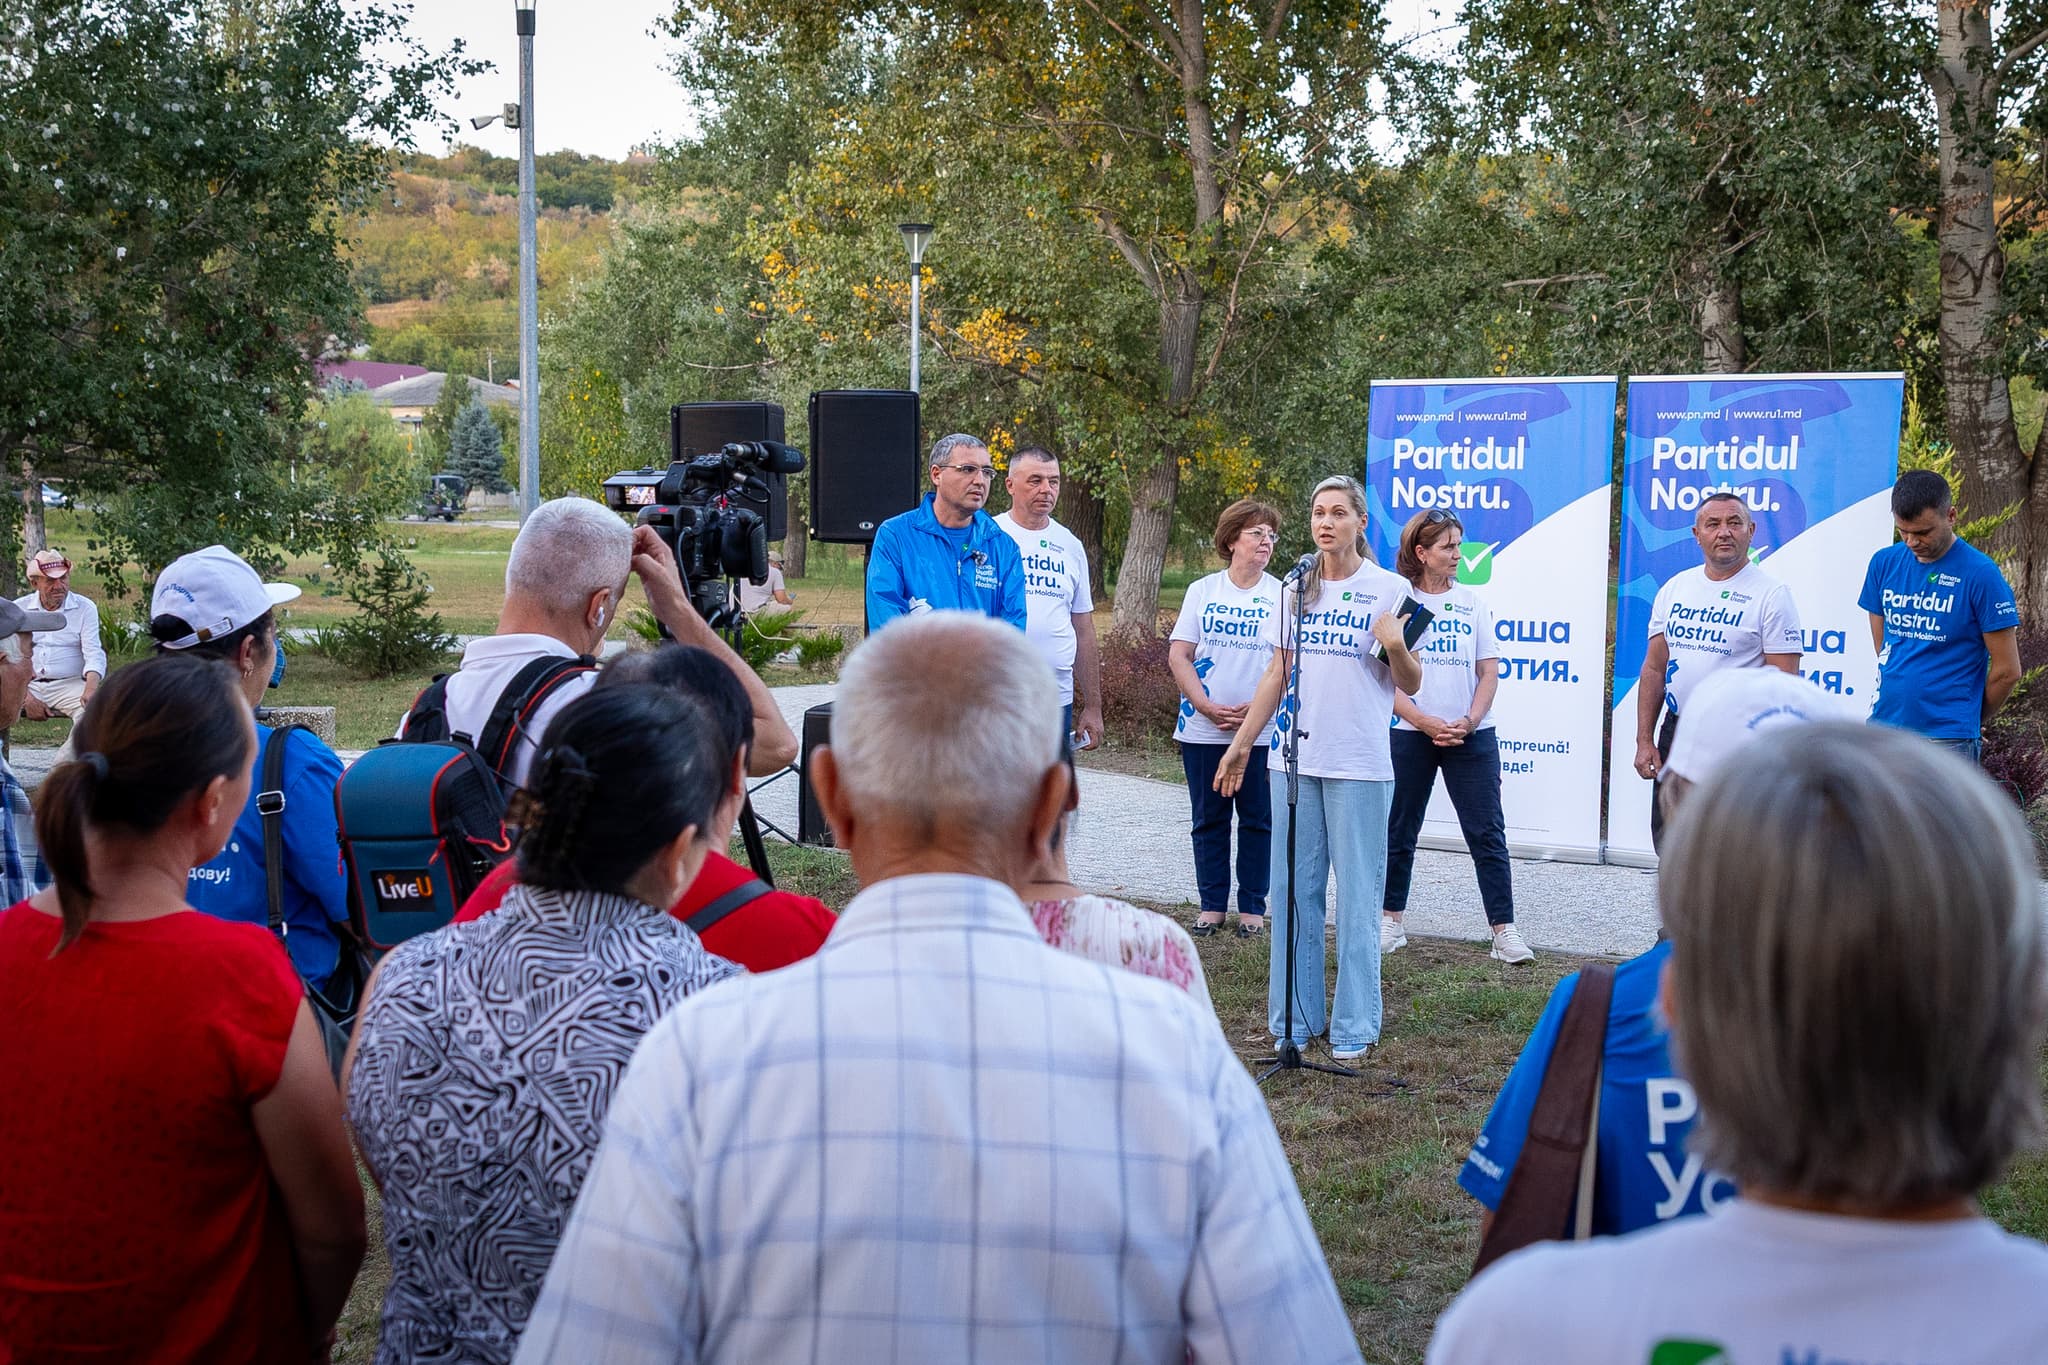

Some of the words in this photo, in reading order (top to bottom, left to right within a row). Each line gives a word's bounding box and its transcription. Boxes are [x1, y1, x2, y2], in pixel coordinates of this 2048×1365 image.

[1396, 412, 1454, 424] www.pn.md
[1465, 411, 1527, 422] www.ru1.md
[1656, 409, 1721, 421] www.pn.md
[1733, 408, 1802, 420] www.ru1.md
[1393, 437, 1525, 470] Partidul
[1652, 435, 1799, 470] Partidul
[1391, 476, 1511, 509] Nostru.
[1882, 589, 1955, 613] Partidul
[1298, 609, 1371, 631] artidul
[1669, 603, 1744, 627] Partidul
[1295, 630, 1359, 648] ostru.
[1495, 619, 1570, 644] аша
[1666, 620, 1728, 643] Nostru.
[1497, 738, 1570, 754] mpreună!
[378, 874, 432, 899] LiveU
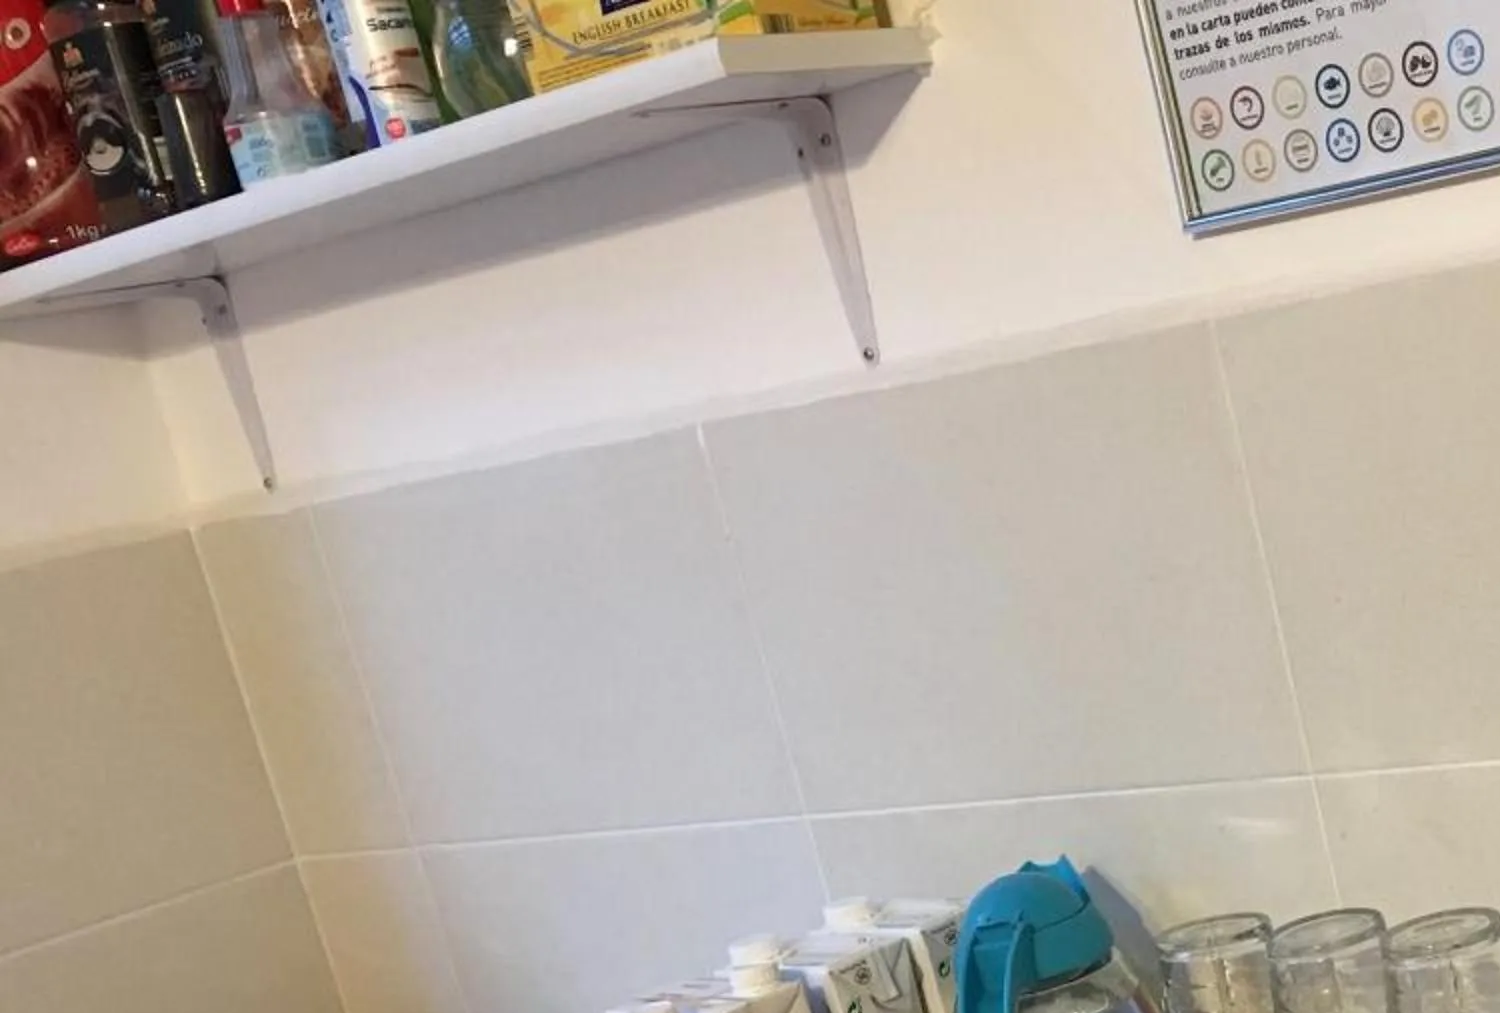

• • • • • • •

*Task brief*:
Output the listing above in full, exactly. No images.

*Answer for this exercise*:
Some of the words in this photo, in reading order (top to bottom, left to right within a row). Each line gives a word's bounding box and its transcription. Boxes are [x1, y1, x2, y2], in pixel coordinates of this 2048×1365 image.

[1396, 412, 1454, 424] www.pn.md
[1465, 411, 1527, 422] www.ru1.md
[1656, 409, 1721, 421] www.pn.md
[1733, 408, 1802, 420] www.ru1.md
[1393, 437, 1525, 470] Partidul
[1652, 435, 1799, 470] Partidul
[1391, 476, 1511, 509] Nostru.
[1882, 589, 1955, 613] Partidul
[1298, 609, 1371, 631] artidul
[1669, 603, 1744, 627] Partidul
[1295, 630, 1359, 648] ostru.
[1495, 619, 1570, 644] аша
[1666, 620, 1728, 643] Nostru.
[1497, 738, 1570, 754] mpreună!
[378, 874, 432, 899] LiveU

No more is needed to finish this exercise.